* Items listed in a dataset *
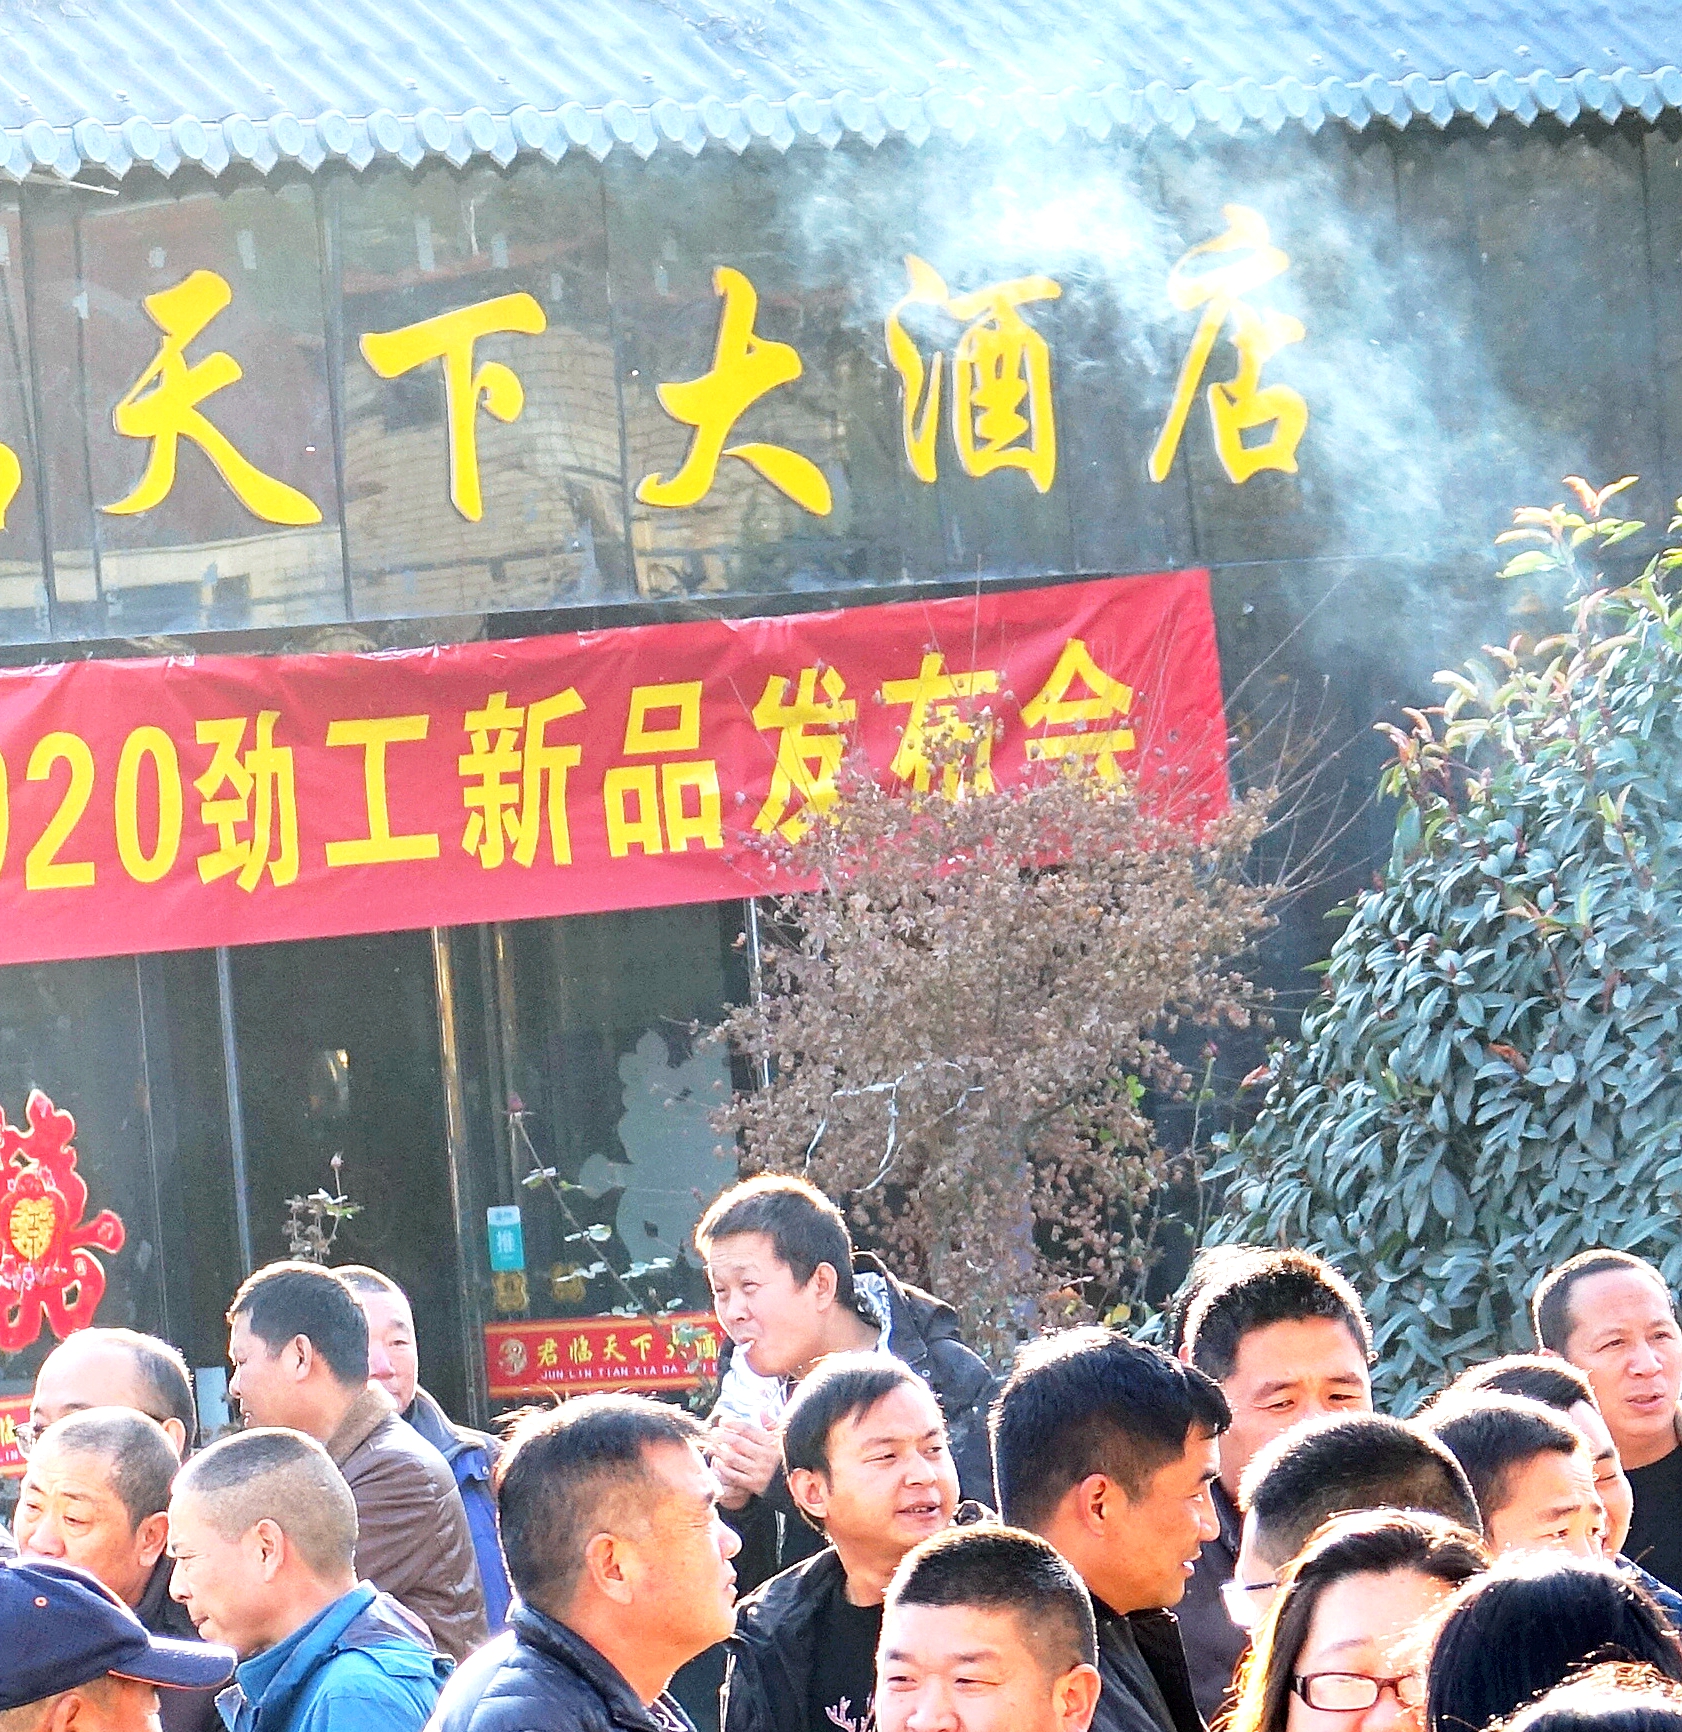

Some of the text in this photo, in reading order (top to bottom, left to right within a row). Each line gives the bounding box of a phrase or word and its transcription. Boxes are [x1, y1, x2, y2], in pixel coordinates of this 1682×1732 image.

[541, 1369, 564, 1380] JUN
[634, 1365, 657, 1375] XIA
[662, 1364, 678, 1374] DA
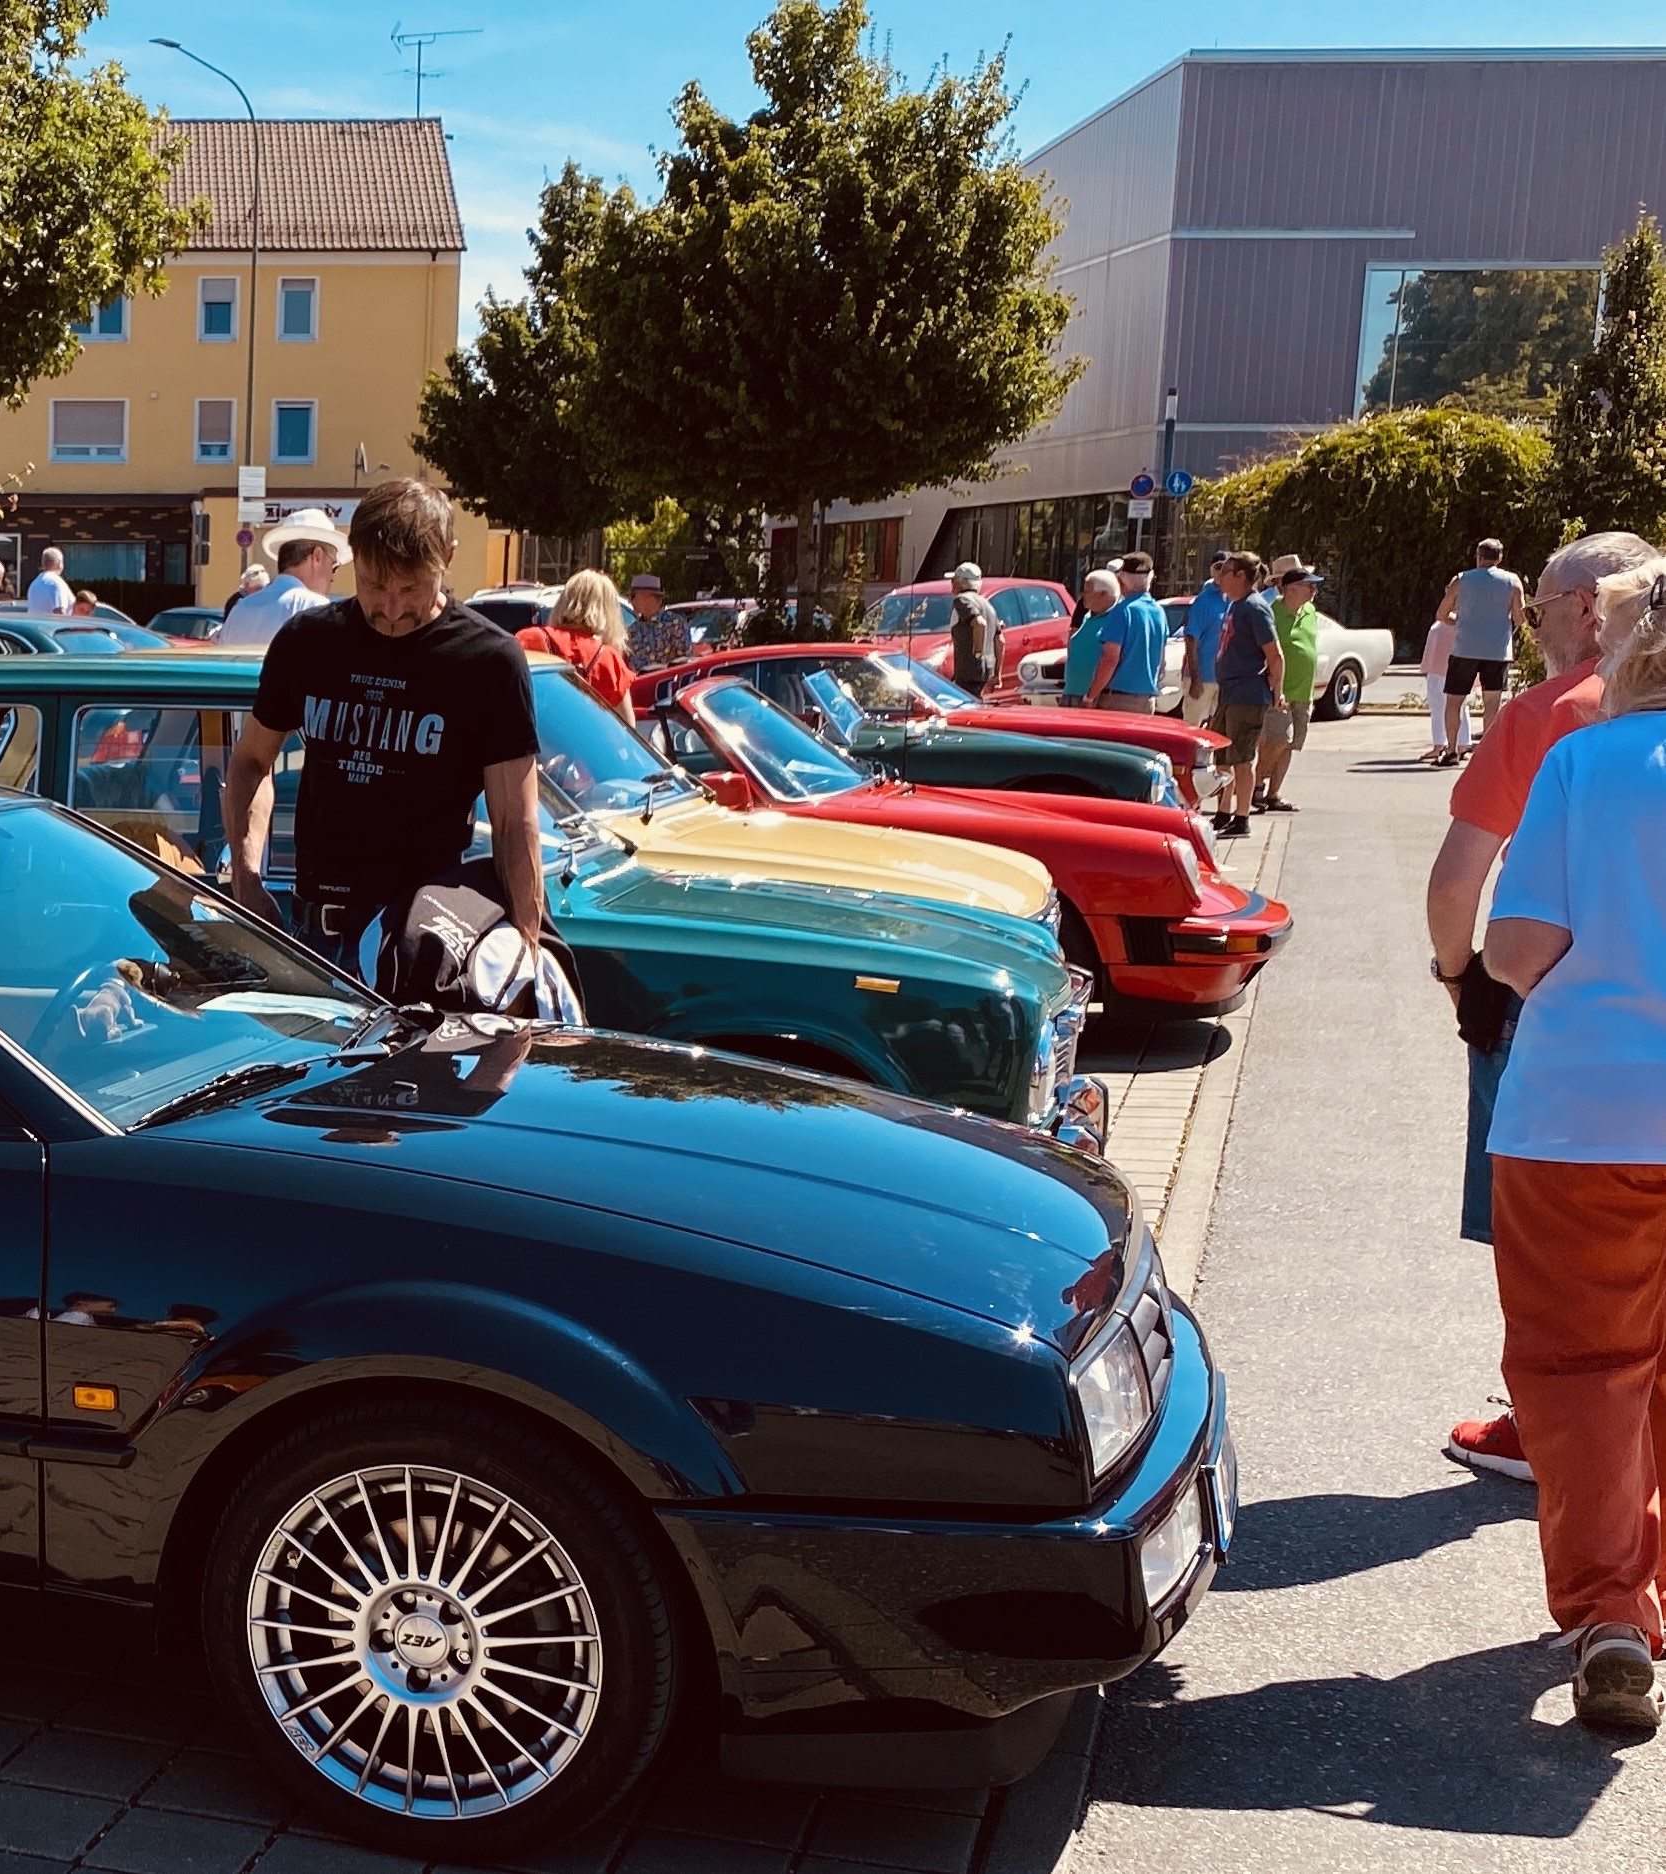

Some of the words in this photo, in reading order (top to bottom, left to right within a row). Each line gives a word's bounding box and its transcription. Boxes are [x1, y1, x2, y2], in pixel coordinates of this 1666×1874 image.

[350, 673, 374, 685] TRUE
[375, 677, 407, 690] DENIM
[304, 694, 445, 755] MUSTANG
[337, 759, 384, 776] TRADE
[347, 772, 371, 785] MARK
[399, 1633, 443, 1649] AEZ
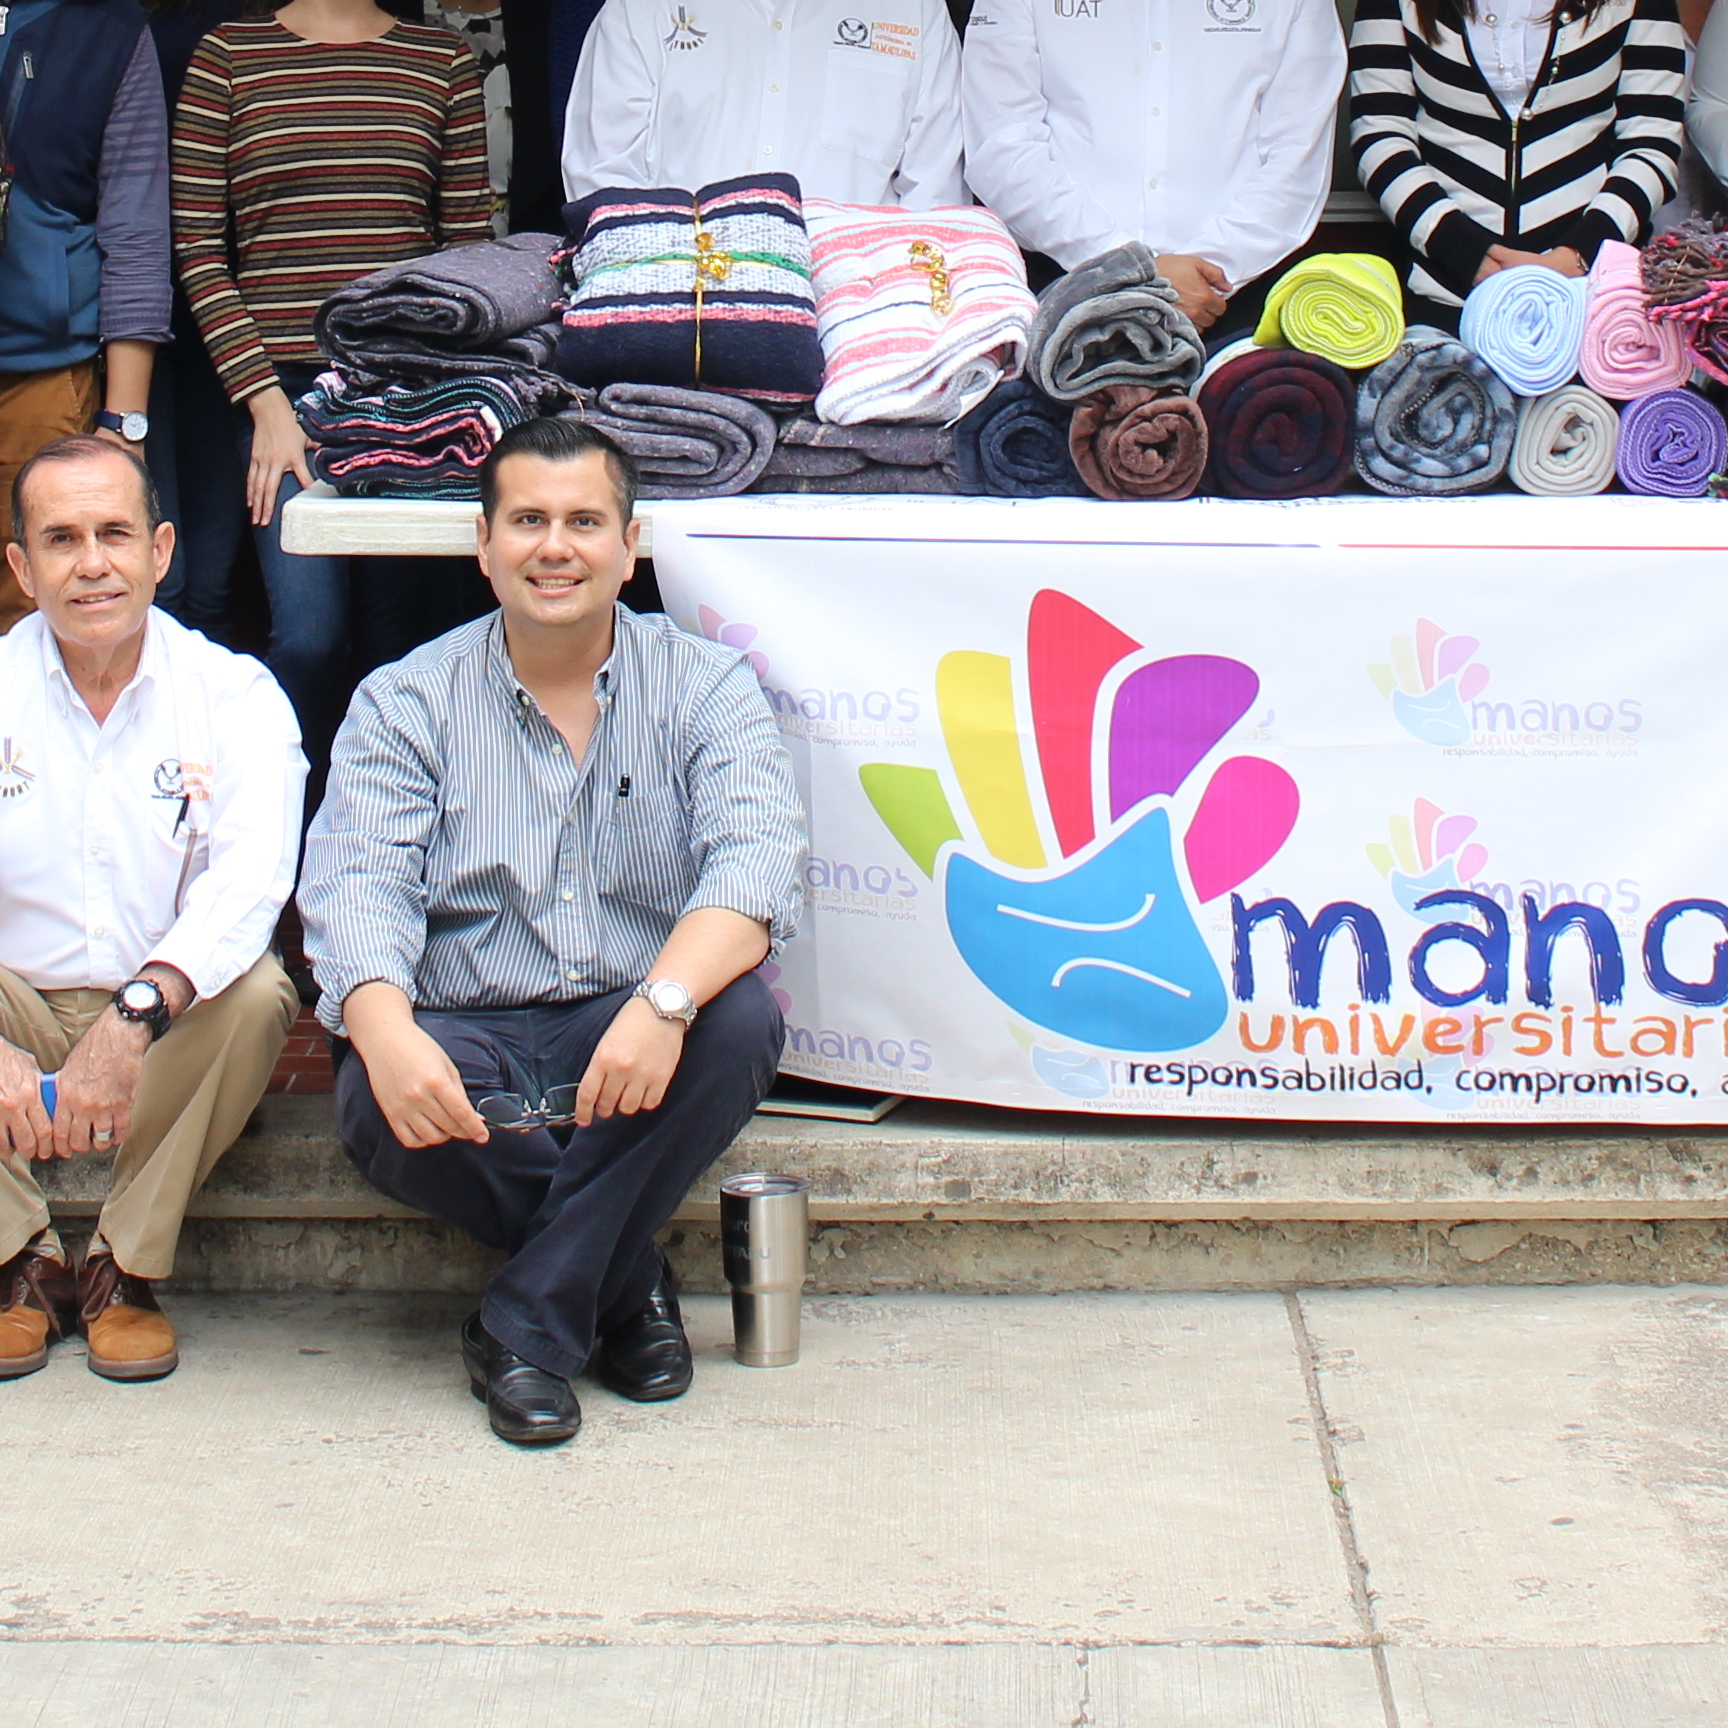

* What you need to do *
Every line from the one containing "Some of the words" through the last line of the records is to be reproduced exactly, with pictures left out and nothing else given.

* Task answer *
Some of the words in this photo, in reading order (top to bottom, left to right within a row). Each line gives a word's bounding box and its transcription. Boxes are [x1, y1, x2, y2], in pixel coordinates of this 1666×1874 image.

[350, 673, 374, 685] TRUE
[375, 677, 407, 690] DENIM
[304, 694, 445, 755] MUSTANG
[337, 759, 384, 776] TRADE
[347, 772, 371, 785] MARK
[399, 1633, 443, 1649] AEZ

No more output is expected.